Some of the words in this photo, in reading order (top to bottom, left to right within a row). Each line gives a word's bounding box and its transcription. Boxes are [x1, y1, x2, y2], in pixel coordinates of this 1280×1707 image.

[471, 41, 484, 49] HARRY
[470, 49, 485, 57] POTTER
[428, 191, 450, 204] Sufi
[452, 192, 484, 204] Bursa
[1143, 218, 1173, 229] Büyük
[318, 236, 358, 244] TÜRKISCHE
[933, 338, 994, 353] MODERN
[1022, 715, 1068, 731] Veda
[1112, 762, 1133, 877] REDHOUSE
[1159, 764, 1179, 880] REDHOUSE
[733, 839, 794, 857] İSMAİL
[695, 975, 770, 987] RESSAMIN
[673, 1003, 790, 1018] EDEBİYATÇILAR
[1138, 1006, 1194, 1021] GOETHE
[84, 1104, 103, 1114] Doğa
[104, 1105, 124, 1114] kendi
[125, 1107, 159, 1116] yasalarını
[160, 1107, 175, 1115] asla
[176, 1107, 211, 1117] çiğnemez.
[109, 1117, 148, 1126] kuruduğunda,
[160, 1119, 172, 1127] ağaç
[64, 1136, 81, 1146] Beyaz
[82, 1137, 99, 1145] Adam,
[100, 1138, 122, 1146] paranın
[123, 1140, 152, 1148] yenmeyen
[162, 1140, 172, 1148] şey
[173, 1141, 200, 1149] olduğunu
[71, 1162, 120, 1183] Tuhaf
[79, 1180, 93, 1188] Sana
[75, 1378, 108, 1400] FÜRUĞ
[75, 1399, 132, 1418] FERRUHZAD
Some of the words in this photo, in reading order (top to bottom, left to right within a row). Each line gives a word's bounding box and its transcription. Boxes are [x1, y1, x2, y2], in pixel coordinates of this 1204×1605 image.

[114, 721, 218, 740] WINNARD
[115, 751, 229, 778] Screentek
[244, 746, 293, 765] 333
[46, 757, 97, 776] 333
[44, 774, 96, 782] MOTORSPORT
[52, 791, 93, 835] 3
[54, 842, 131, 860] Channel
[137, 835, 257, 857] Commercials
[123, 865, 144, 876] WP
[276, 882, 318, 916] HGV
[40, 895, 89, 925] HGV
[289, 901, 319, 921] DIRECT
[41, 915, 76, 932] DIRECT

· · · ·

Problem to solve »
Could you repeat every record above exactly as it is written?

Answer for this exercise »
Some of the words in this photo, in reading order (top to bottom, left to right within a row). Each line gives a word's bounding box and its transcription. Boxes are [x1, y1, x2, y2], in pixel coordinates of this 1280×1707 image.

[471, 41, 484, 49] HARRY
[470, 49, 485, 57] POTTER
[428, 191, 450, 204] Sufi
[452, 192, 484, 204] Bursa
[1143, 218, 1173, 229] Büyük
[318, 236, 358, 244] TÜRKISCHE
[933, 338, 994, 353] MODERN
[1022, 715, 1068, 731] Veda
[1112, 762, 1133, 877] REDHOUSE
[1159, 764, 1179, 880] REDHOUSE
[733, 839, 794, 857] İSMAİL
[695, 975, 770, 987] RESSAMIN
[673, 1003, 790, 1018] EDEBİYATÇILAR
[1138, 1006, 1194, 1021] GOETHE
[84, 1104, 103, 1114] Doğa
[104, 1105, 124, 1114] kendi
[125, 1107, 159, 1116] yasalarını
[160, 1107, 175, 1115] asla
[176, 1107, 211, 1117] çiğnemez.
[109, 1117, 148, 1126] kuruduğunda,
[160, 1119, 172, 1127] ağaç
[64, 1136, 81, 1146] Beyaz
[82, 1137, 99, 1145] Adam,
[100, 1138, 122, 1146] paranın
[123, 1140, 152, 1148] yenmeyen
[162, 1140, 172, 1148] şey
[173, 1141, 200, 1149] olduğunu
[71, 1162, 120, 1183] Tuhaf
[79, 1180, 93, 1188] Sana
[75, 1378, 108, 1400] FÜRUĞ
[75, 1399, 132, 1418] FERRUHZAD
Some of the words in this photo, in reading order (top to bottom, left to right within a row). Each line gives a word's bounding box and its transcription. Boxes are [x1, y1, x2, y2], in pixel coordinates of this 1204×1605 image.

[114, 721, 218, 740] WINNARD
[115, 751, 229, 778] Screentek
[244, 746, 293, 765] 333
[46, 757, 97, 776] 333
[44, 774, 96, 782] MOTORSPORT
[52, 791, 93, 835] 3
[54, 842, 131, 860] Channel
[137, 835, 257, 857] Commercials
[123, 865, 144, 876] WP
[276, 882, 318, 916] HGV
[40, 895, 89, 925] HGV
[289, 901, 319, 921] DIRECT
[41, 915, 76, 932] DIRECT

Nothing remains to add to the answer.